The team was led by biomedical engineer Dr Steve Lee from the ANU Research School of Engineering, and biochemist Associate Professor Elizabeth Gardiner, from the John Curtin School of Medical Research.
A statement from ANU said predicting the formation of a blood clot was challenging given the dynamic nature of the environment in which it formed.
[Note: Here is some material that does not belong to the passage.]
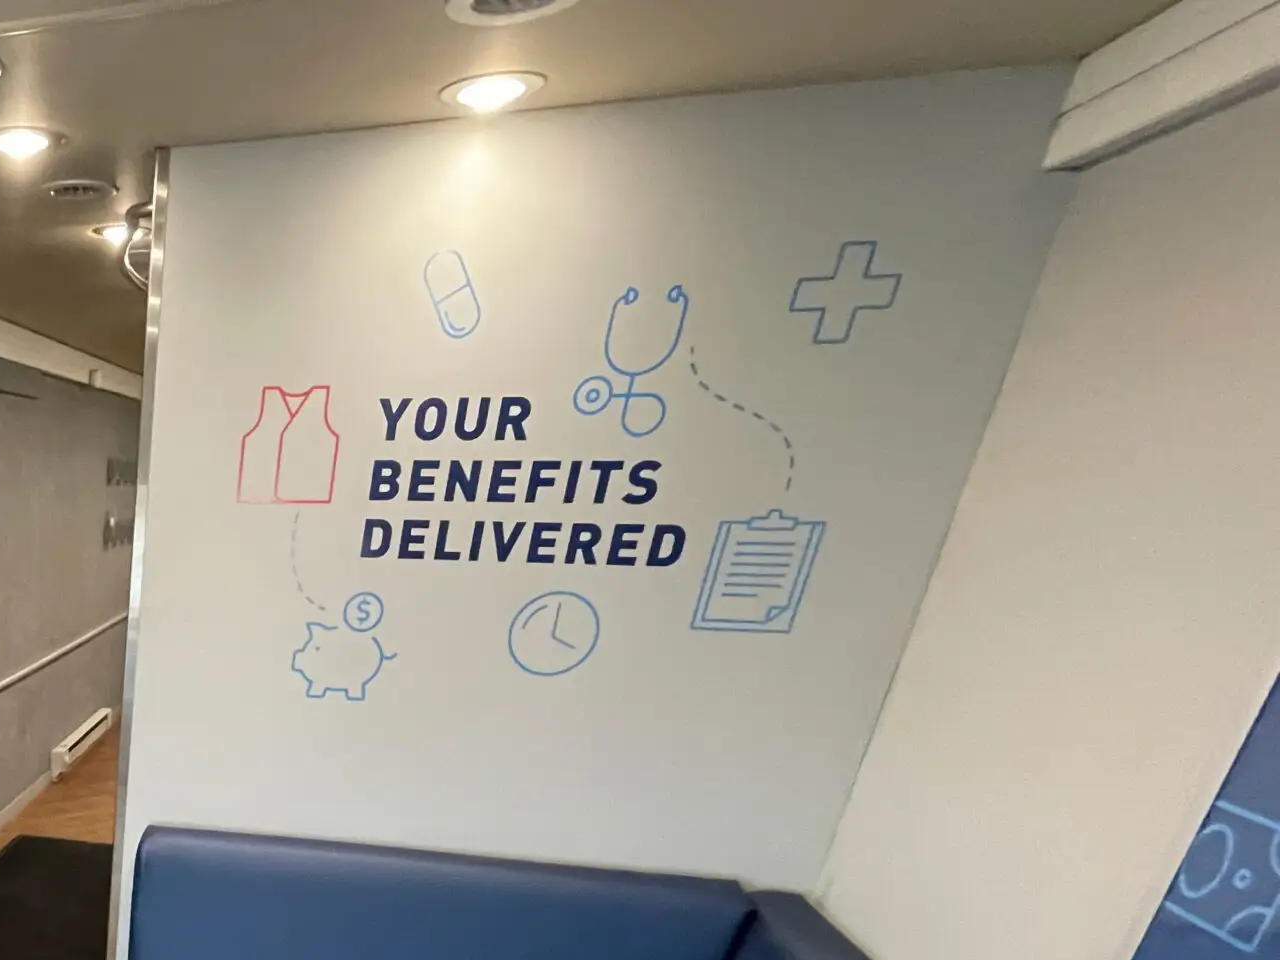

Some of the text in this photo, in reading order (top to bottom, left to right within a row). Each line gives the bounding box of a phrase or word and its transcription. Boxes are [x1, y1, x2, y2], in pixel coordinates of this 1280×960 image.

[379, 397, 532, 441] YOUR
[368, 459, 663, 505] BENEFITS
[360, 518, 687, 567] DELIVERED
Blood platelets, that measure about a tenth of the size of regular cells, drive clot formation, bunching together in seconds after being triggered.
“Using the new diagnostic device that our team has developed, we can create and quantify clot formation in 3D view from a blood sample without any form of labelling such as fluorescence or radiotracer – this had been impossible to achieve until now,” Dr Lee said.
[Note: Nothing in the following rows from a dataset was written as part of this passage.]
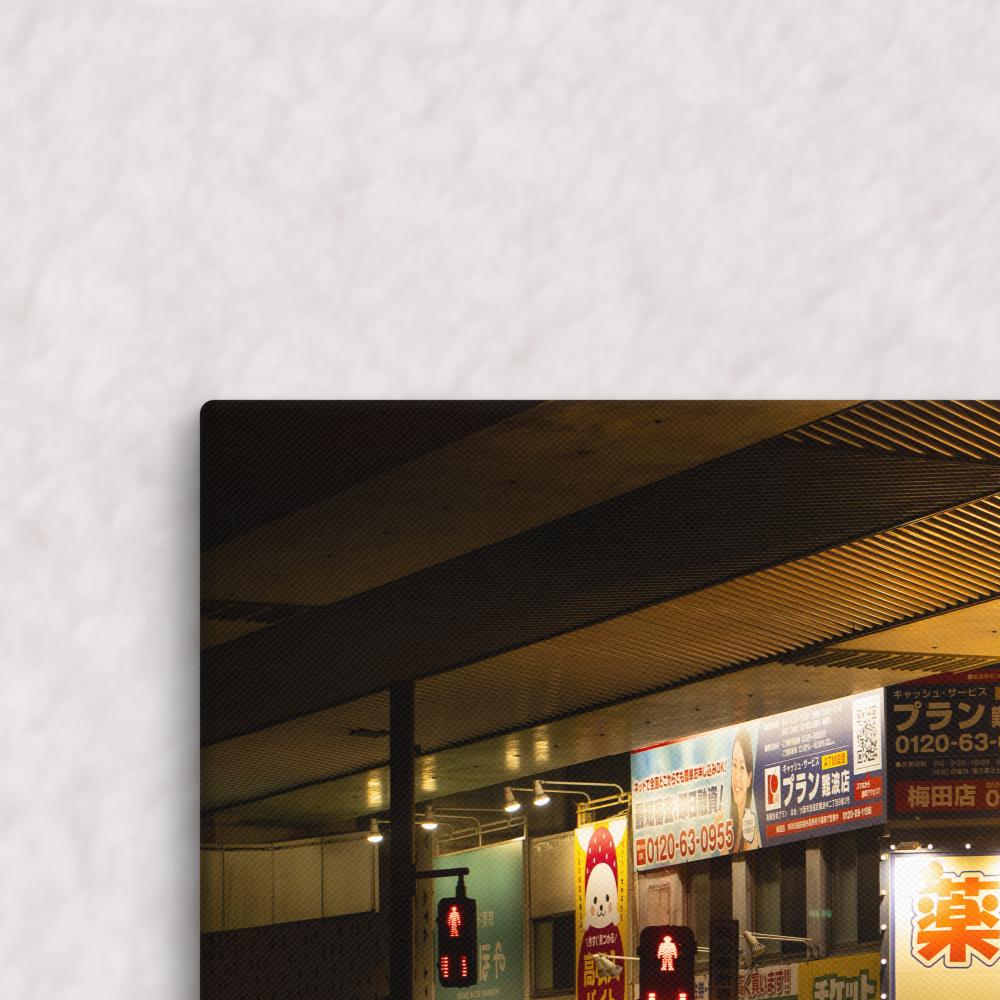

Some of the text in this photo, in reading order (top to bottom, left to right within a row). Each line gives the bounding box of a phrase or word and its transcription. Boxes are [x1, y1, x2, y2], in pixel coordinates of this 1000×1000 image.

[893, 686, 988, 699] キャッシュ・サービス
[893, 701, 987, 731] プラン
[782, 773, 820, 807] プラン
[908, 783, 977, 808] 梅田店
[647, 819, 736, 865] 0120-63-0955
“We can apply this technology to blood from patients at risk of clotting or uncontrollable bleeding – this is a potential gamechanger,” she said.
Supporting the development of the device were Sherry He, a CSC-PhD scholar in Dr Lee’s group at the ANU Research School of Engineering, and Dr Samantha Montague, a post-doctoral fellow from the Gardiner group at JCSMR.
“Our device creates a digital hologram of a microscopic blood clot at a fraction of a second by measuring the delay time for light to travel through the clot,” He said.
A micro-fabricated device was created to mimic a damaged blood vessel and blood clots were created from human samples to show blood-clotting events in the lab.
“We need to shrink our diagnostic device, which takes up a fair amount of space in a research lab at the moment, to something that can fit into a shoebox so that it can be used in a clinical setting,” He added.
Dr Montague said the device would be further developed as per existing clinical and platelet research practices.
“We have set up this new diagnostic device at JCSMR right alongside routine flow cytometry equipment that are the gold-standard for cell and blood platelet analysis,” she said.